Friday, January 22, 2010

Adopted for Life

As our involvement in local orphan care and adoption ministry has increased, I have been reading many books on adoption that have been great sources of information, confirmation, and encouragement.  My heart sings with joy as I go deeper and understand even more why adoption is so close to God's heart and I marvel that he has allowed us to walk this path four times...with more to come!

I just HAD to share the book with you that currentely is blessing my socks off. It is called Adopted for Life by Russell Moore. If you have even tinkered with the idea of adoption for a split second or know someone who has, then I pray you will read this book. It speaks to me so powerfully and has put into words, finally, why certain questions from strangers or nosy aquaintances bug the life out of me.


For instance, when someone asks "are they real siblings?" What does that imply?

I mean, really.
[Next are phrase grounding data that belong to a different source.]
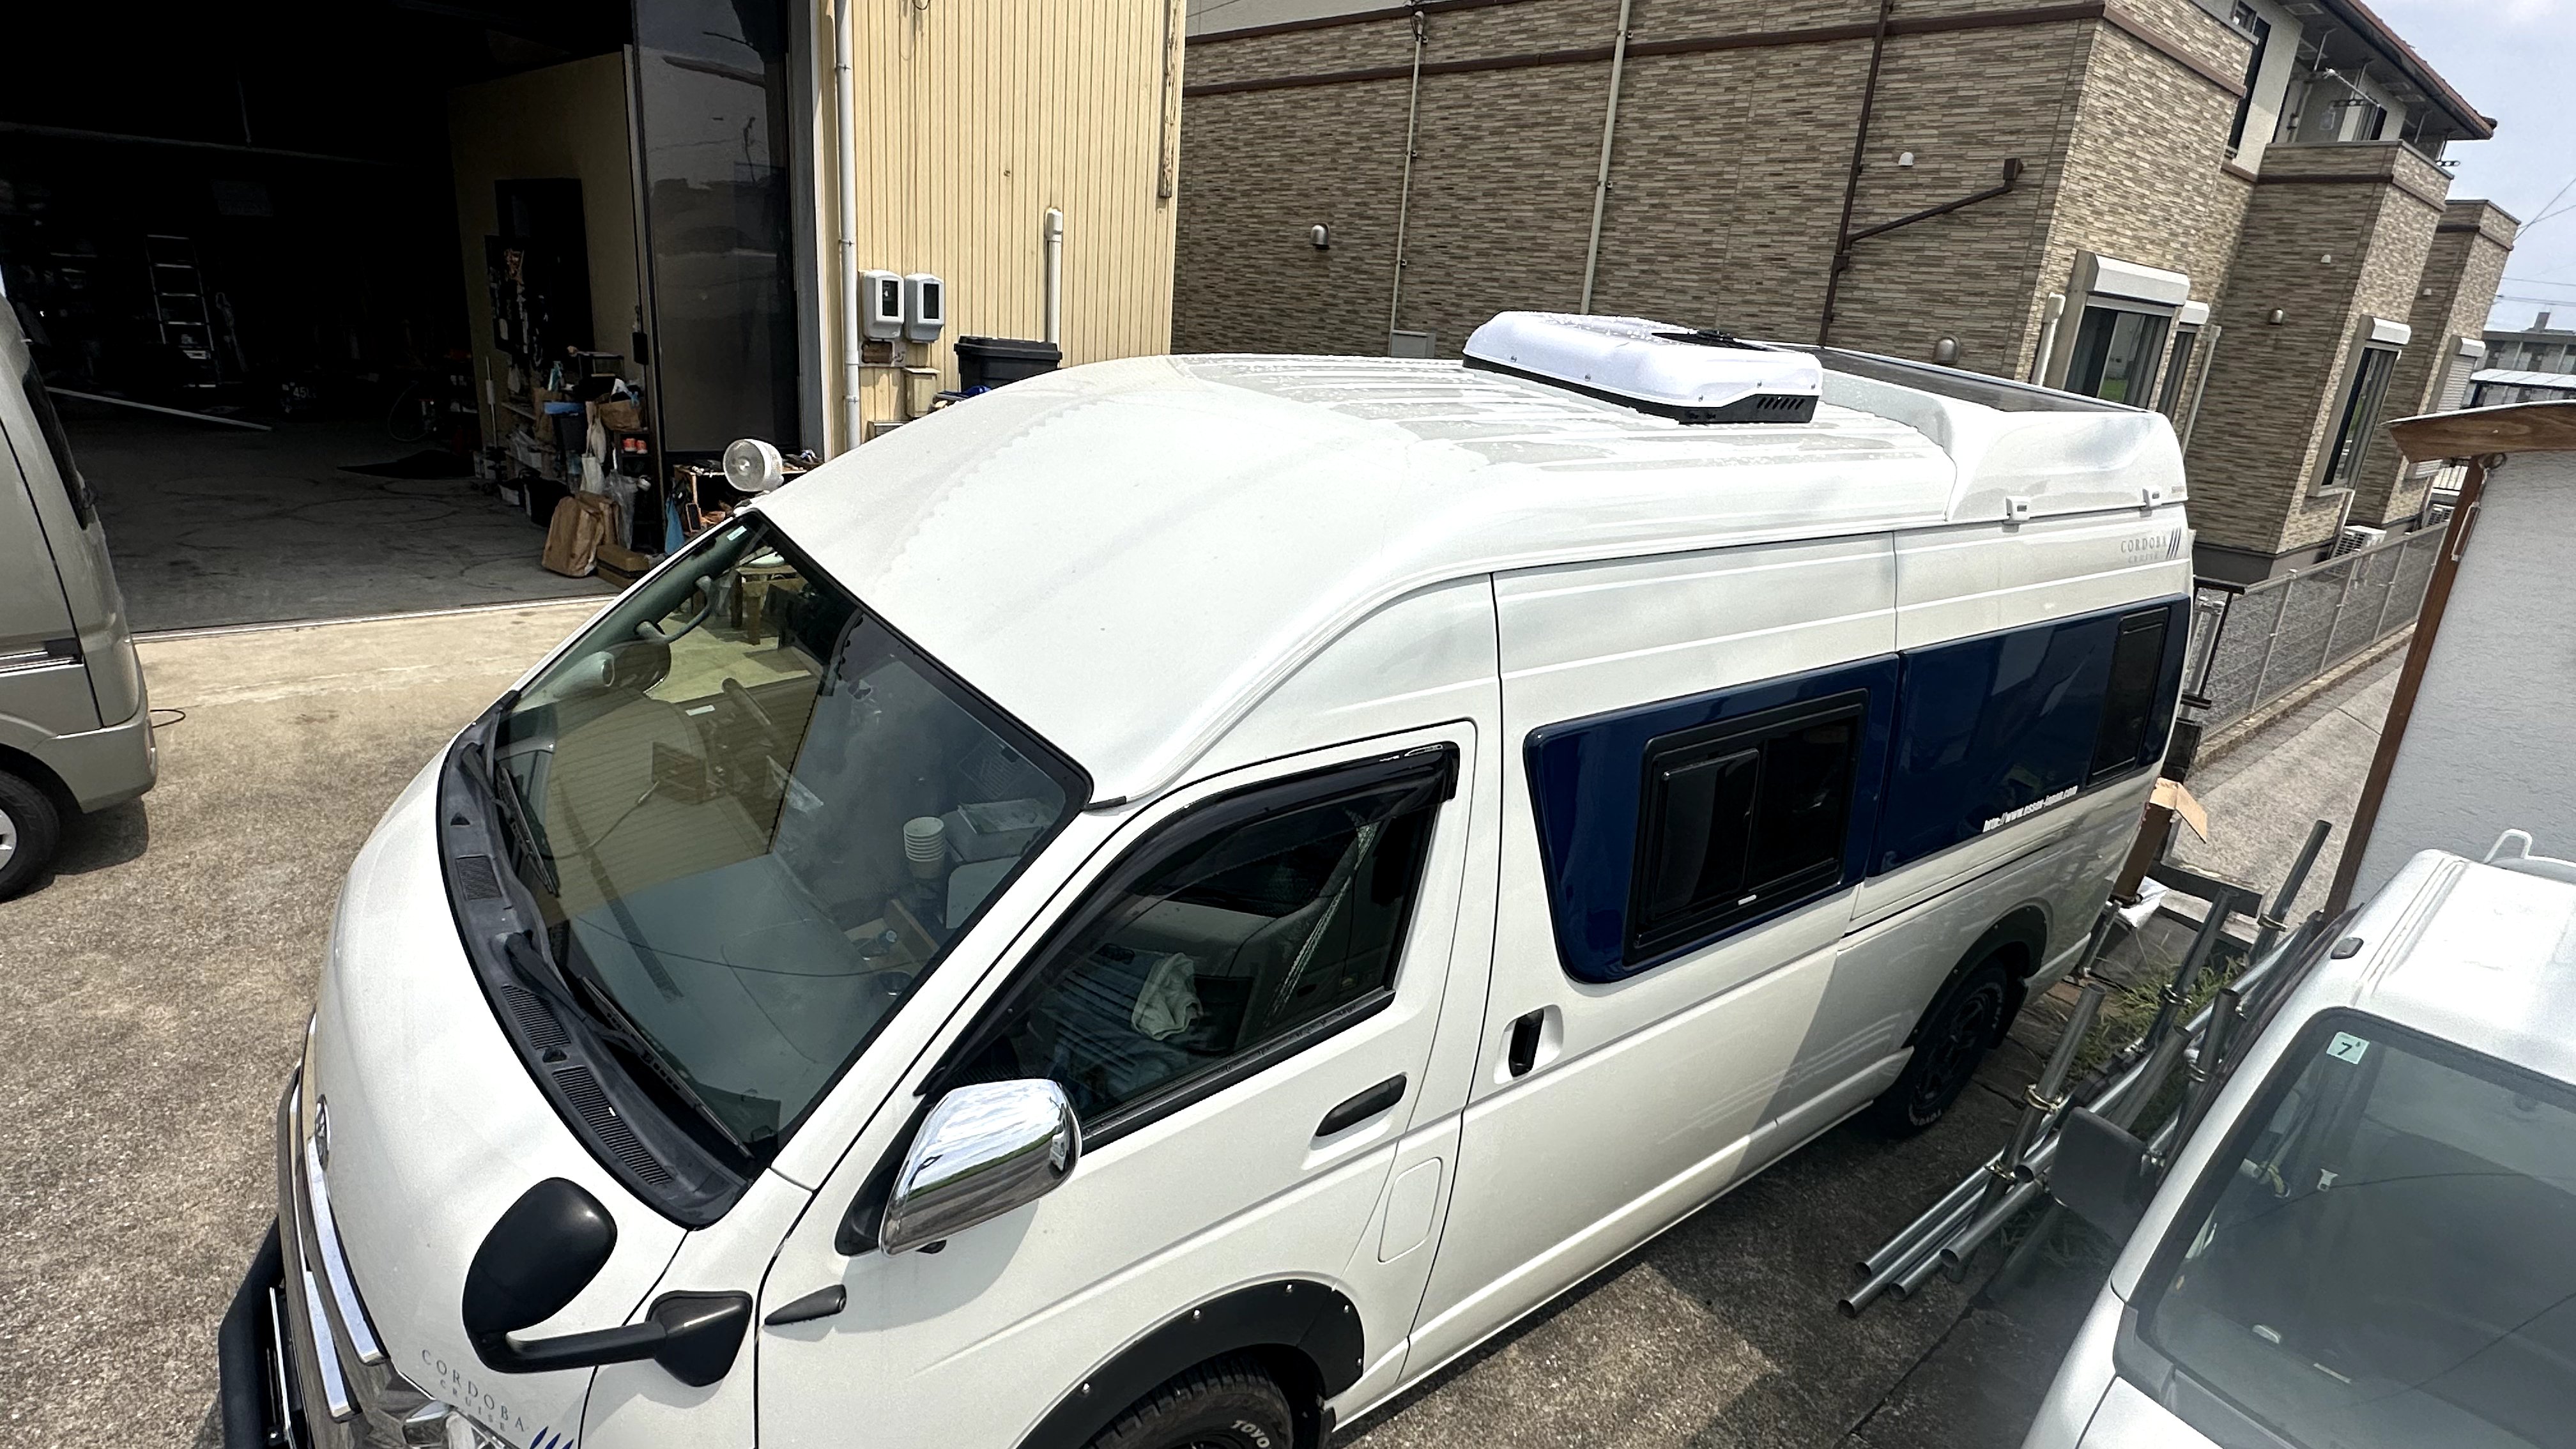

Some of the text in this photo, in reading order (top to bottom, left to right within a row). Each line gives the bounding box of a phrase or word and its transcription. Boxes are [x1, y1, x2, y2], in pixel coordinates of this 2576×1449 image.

[2121, 536, 2166, 553] CORDOBA
[2338, 1042, 2352, 1055] 7
[422, 1349, 525, 1432] CORDOBA
[440, 1379, 505, 1431] CRUISE
[1230, 1420, 1270, 1448] TOYO
What makes a real sibling? DNA? Eye color? A common womb?

Is it really that shallow?

Because if we base our judgment of relationships on those things then we are lost.

We are all adopted by God...Gentiles share in the heritage of Abraham, Isaac, and Jacob through adoption. The blood of JESUS makes us family, not the fact that we prayed a prayer or go to church or grew up in a Christian home. Without the blood of Jesus paying our ransom, delivering us from a life of sin and death in the chains of the enemy to a life filled with the inheritance of blessings from the hands of our Father God, we are nothing but strangers to Him.
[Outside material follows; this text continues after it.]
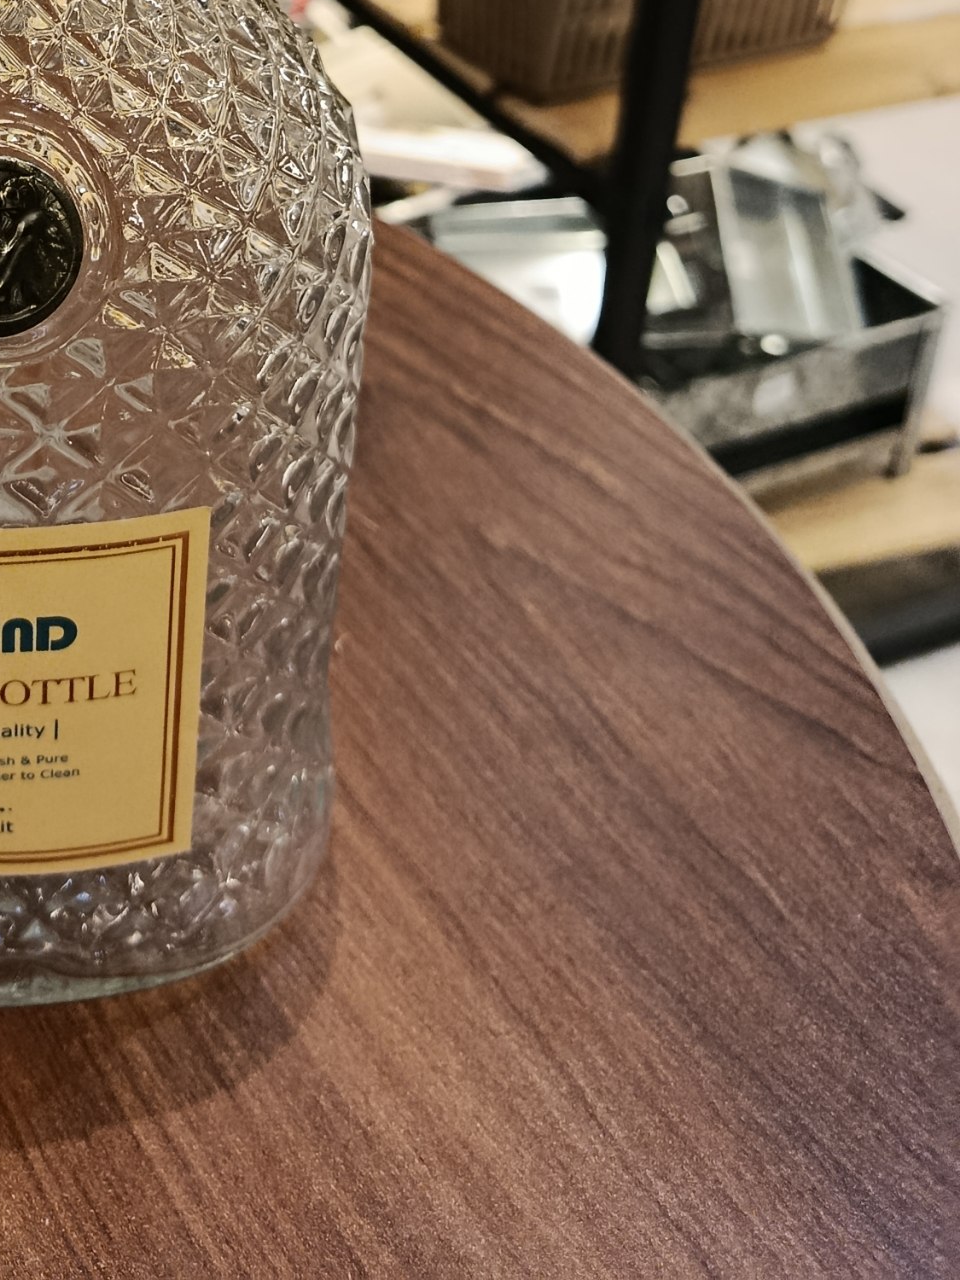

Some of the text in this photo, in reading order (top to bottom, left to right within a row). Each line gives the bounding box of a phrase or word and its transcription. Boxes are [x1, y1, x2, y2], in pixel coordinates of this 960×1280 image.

[20, 755, 32, 766] &
[36, 754, 69, 765] Pure
[20, 771, 36, 781] to
[39, 768, 81, 779] Clean
So when someone asks "are they real siblings?" they are, in fact, invalidating their relationship...saying it is something less than "real." In fact, as Russell Moore states in reaction to someone asking that very question about his sons..."The query seemed to be asking, 'is this a real family or just a legal fiction?' The question seemed to render them orphans again."
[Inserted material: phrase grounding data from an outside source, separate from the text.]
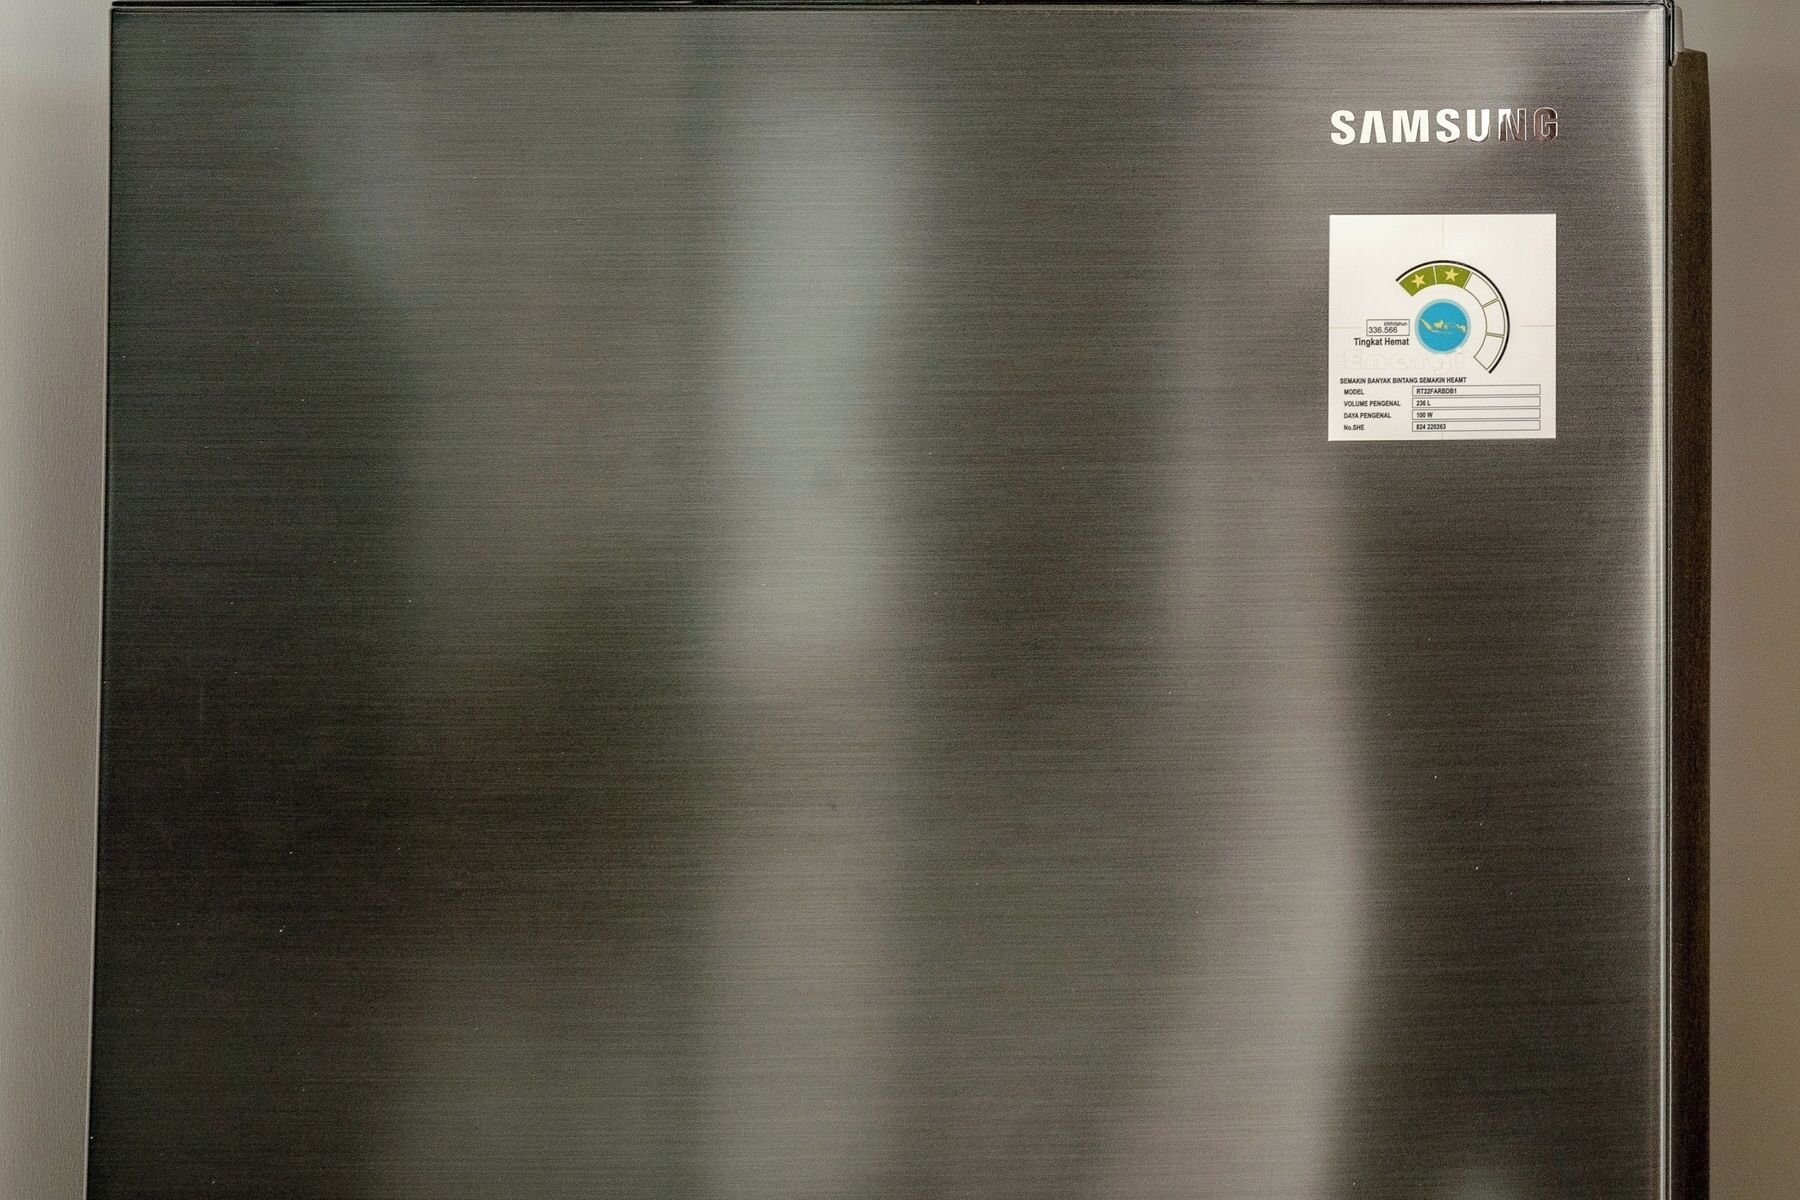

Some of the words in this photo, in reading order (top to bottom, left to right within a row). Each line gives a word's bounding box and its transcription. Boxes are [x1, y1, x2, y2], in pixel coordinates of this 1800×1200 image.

[1330, 107, 1559, 145] SAMSUNG
[1368, 326, 1398, 334] 336.566
[1353, 337, 1383, 348] Tingkat
[1384, 337, 1410, 346] Hemat
[1339, 377, 1367, 385] SEMAKIN
[1367, 377, 1391, 385] BANYAK
[1343, 388, 1365, 396] MODEL
...it renders them orphans.

Finally, after 10 years, someone has been able to put into words why my heart bleeds everytime I have been asked this question. And it never fails, it is always asked in front of my children...and I always worry that it will plant a seed of fear, the worry that they are something less than siblings,
something less than my own.

Because from the moment the judge pronounced their adoptions final, they have been nothing less than "real brothers and sisters." Just as you and I share in the full heritage of our Father God, they share in the full heritage of their earthly parents. We are their real parents, they are our OWN children, and they are real siblings.
 
As we wade through the dossier and prepare for the new children the Lord has planned for us...as our hearts fall in love with thoughts of them and we pray for their safe homecoming...we are, in effect, pregnant.  We are pregnant with expectation and anticipation, and it grows with every signature and every checkmark on my list that brings us closer to them.  And the second the courts declare them ours and I have safely gathered them into my arms, they will be every bit "my own" and I will carefully bring them home from across the ocean to live with their "real brothers and sisters" and teach them what it means to be a "real family."  I will rejoice in their uniqueness, and I will love the sound of their African accents mingling with the sweet drawl of my American-born children.  I will watch as ALL of my children surround our dinner table and ALL of my children hang their stockings at Christmas and ALL of my children pile into our laps for bedtime prayers.  And I will be fiercely protective, like a mama elephant, of their hearts.  I will bristle at comments that threaten to render them orphans and imply that they we are anything less than "real", anything less than "family".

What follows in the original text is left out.